According to an ad in the Toronto Star newspaper, the producers of “Naked News” are seeking anchors for their daily internet news program. For those of you who’ve never heard of this program, let me take just a moment to explain it:
They report the news, and they’re naked.
That’s pretty much it.
And for most men, that’s explanation enough, which is why the website now averages 6 million viewers per month.
Now, before we go on, I’d like to clarify that I happened upon this website completely by accident, while innocently searching for information about naked “gnus,” which, as you may or may not know, is the tragic plight of African wildebeests suffering from premature baldness. While painstakingly gathering this sad information, I accidentally went from reading about an entire herd of hairless antelope in Botswana, to watching as a naked weatherman pointed to three developing storms at the same time — in Seattle, Maine, and the Gulf of Mexico.
I will not explain precisely how how he did this.
However, in my haste to leave the website, I accidentally switched over to the “All-Female” broadcast team. It was at this point that my journalistic integrity kicked in, and I felt an obligation to you, the reader, to investigate until I discovered the bitter truth.
Or at least until my editor discovered what I was doing.

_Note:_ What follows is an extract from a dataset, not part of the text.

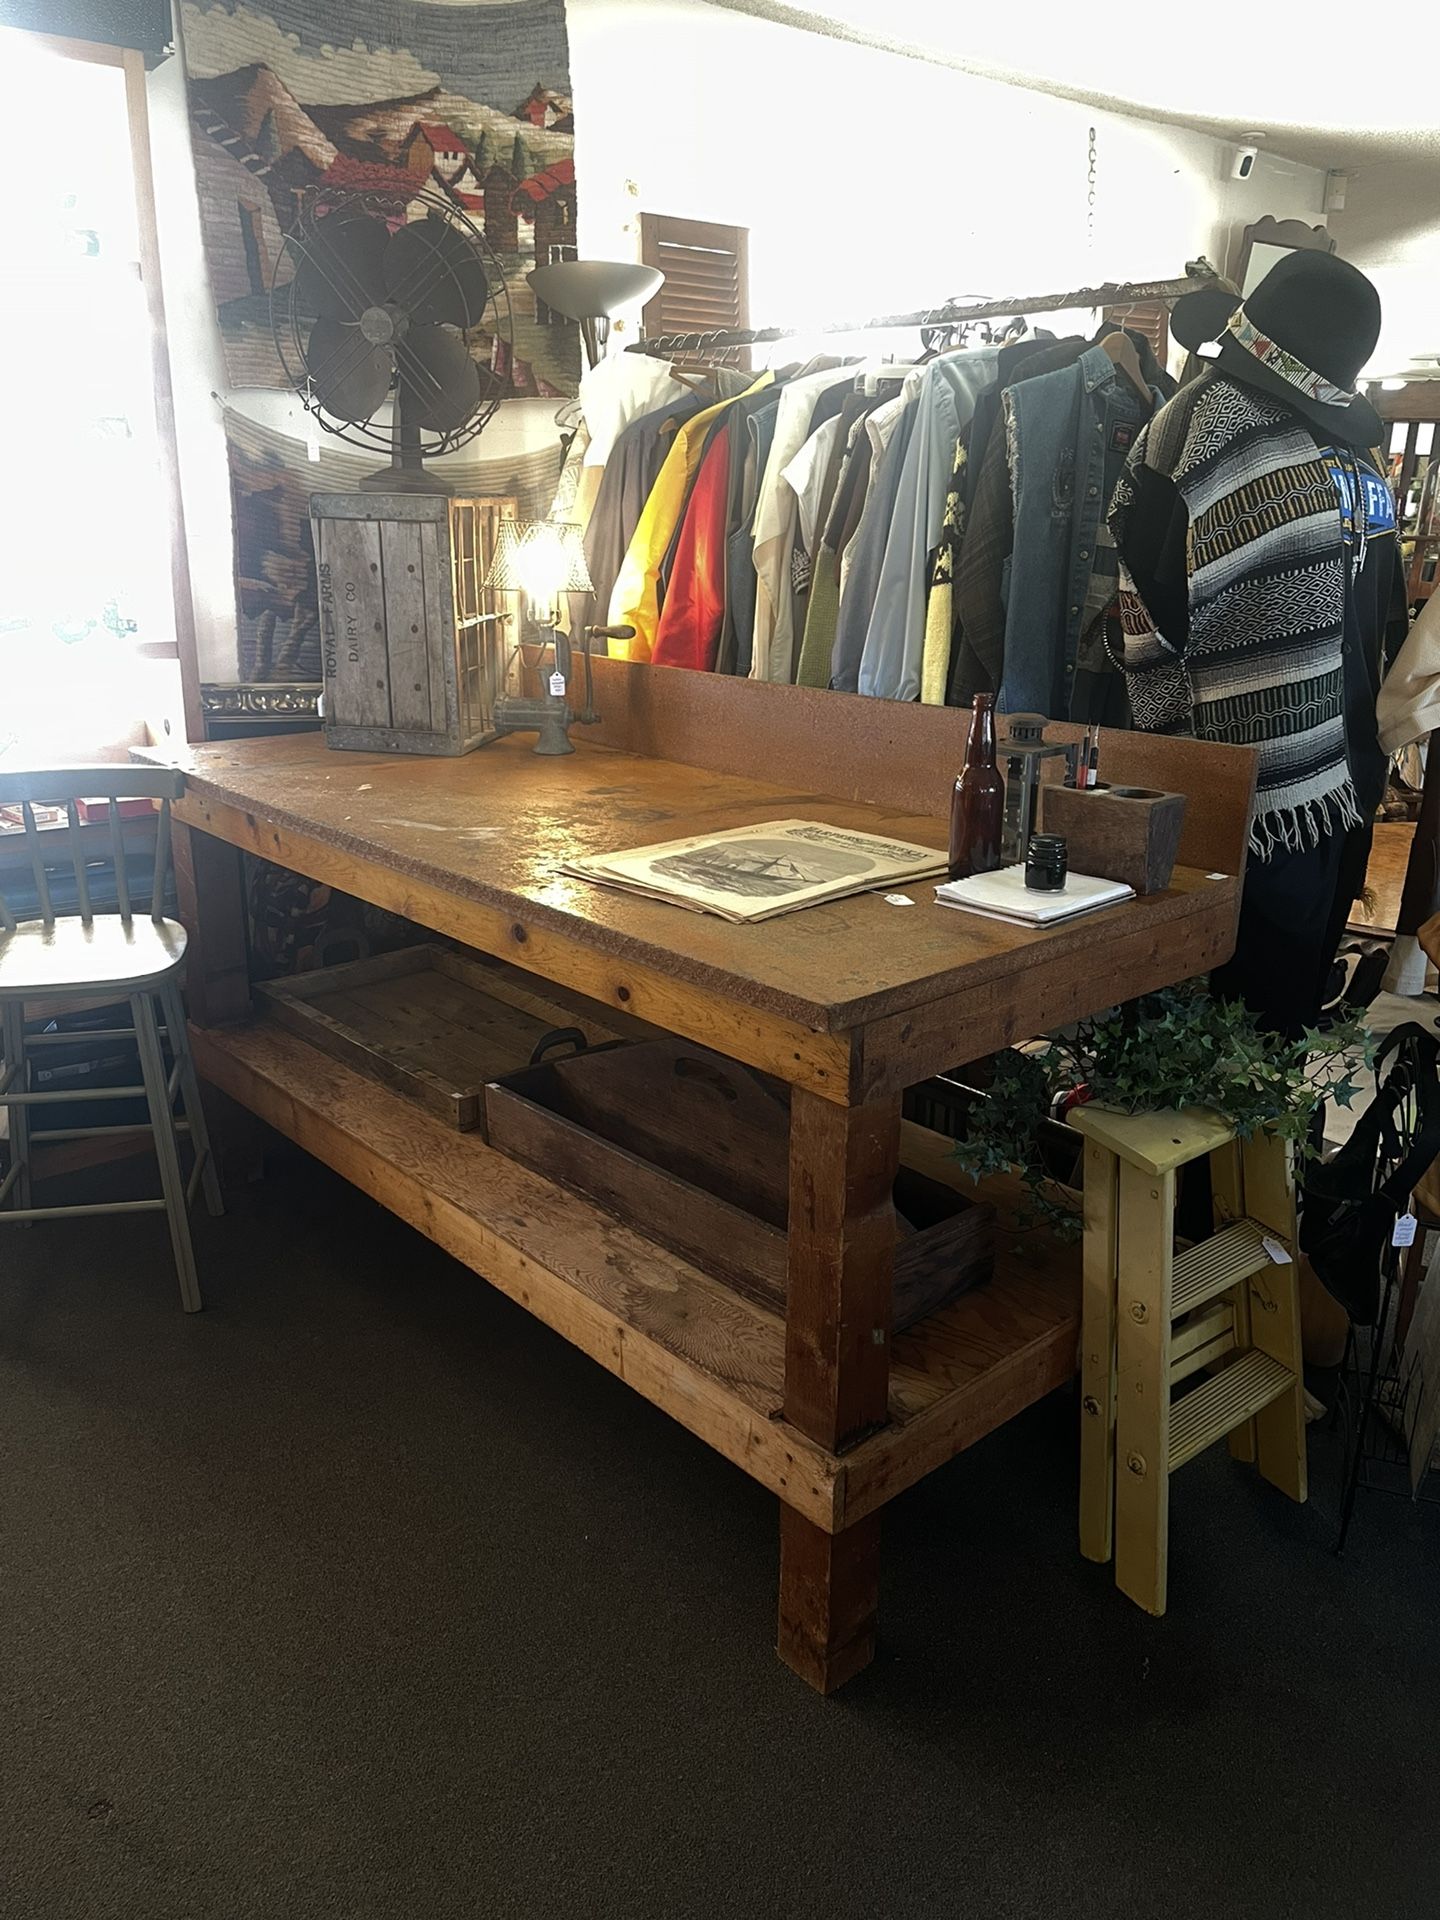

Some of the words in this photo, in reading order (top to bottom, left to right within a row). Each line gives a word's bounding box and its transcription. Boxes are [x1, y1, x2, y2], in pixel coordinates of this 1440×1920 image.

As a result of this investigation, I learned that, just like CNN and other major news channels, Naked News offers in-depth coverage of events from all around the world.
I also learned that I am easily distracted from this coverage.
For those of you who are wondering how you can become a reporter for this cutting-edge news organization (Or, at the very least, what organization’s dating policy is), you’ll be happy to know that, according to the audition requirements listed on the Naked News website, no broadcasting experience is necessary!
That’s right! There’s no need to let your lack of experience stop you from realizing your dream of standing buck naked in front of a TelePrompTer.
Which is why I now work for a newspaper.
This isn’t to say that any thoughts I had of becoming a part of the Naked News movement have been put on the shelf. In fact, I am actually naked right now.
Which is why I’m currenty looking for a job in radio.